2) Boneshaker by Cherie Priest.
I found this book over at Chris's site Stuff That Dreams Are Made Of. This book really interests me as it comes under a genre called steampunk. What is that I hear you ask? Here is the description from wikipedia - 'The term denotes works set in an era or world where steam power is still widely used—usually the 19th century, and often Victorian era England—but with prominent elements of either science fiction or fantasy, such as fictional technological inventions like those found in the works of H. G Wells and Jules Verne, or real technological developments like the computer occurring at an earlier date.'

Here is the blurb from Amazon.
At the start of the Civil War, a Russian mining company commissions a great machine to pave the way from Seattle to Alaska and speed up the gold rush that is beating a path to the frozen north.
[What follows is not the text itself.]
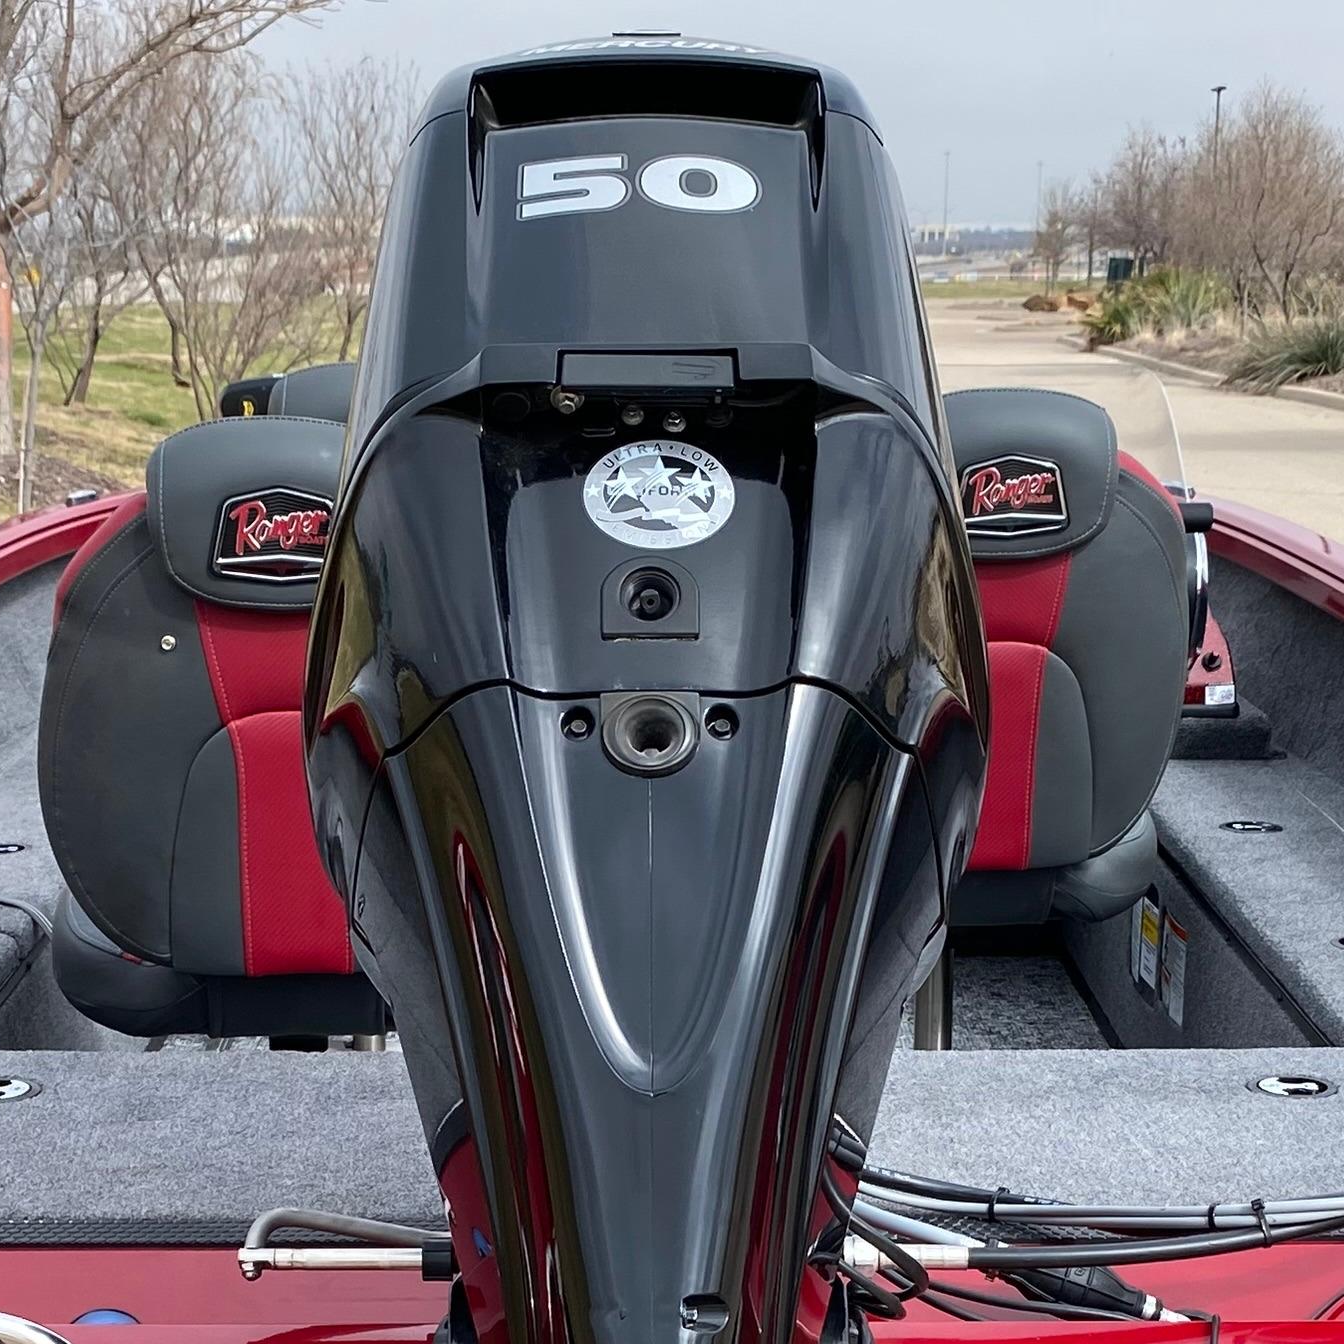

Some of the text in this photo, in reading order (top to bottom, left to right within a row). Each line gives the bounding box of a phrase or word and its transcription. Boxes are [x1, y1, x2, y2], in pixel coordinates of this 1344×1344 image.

Inventor Leviticus Blue creates the machine, but on its first test run it malfunctions, decimating Seattle s banking district and uncovering a vein of Blight Gas that turns everyone who breathes it into the living dead. Sixteen years later Briar, Blue s widow, lives in the poor neighborhood outside the wall that s been built around the uninhabitable city. Life is tough with a ruined reputation, but she and her teenage son Ezekiel are surviving until Zeke impetuously decides that he must reclaim his father s name from the clutches of history.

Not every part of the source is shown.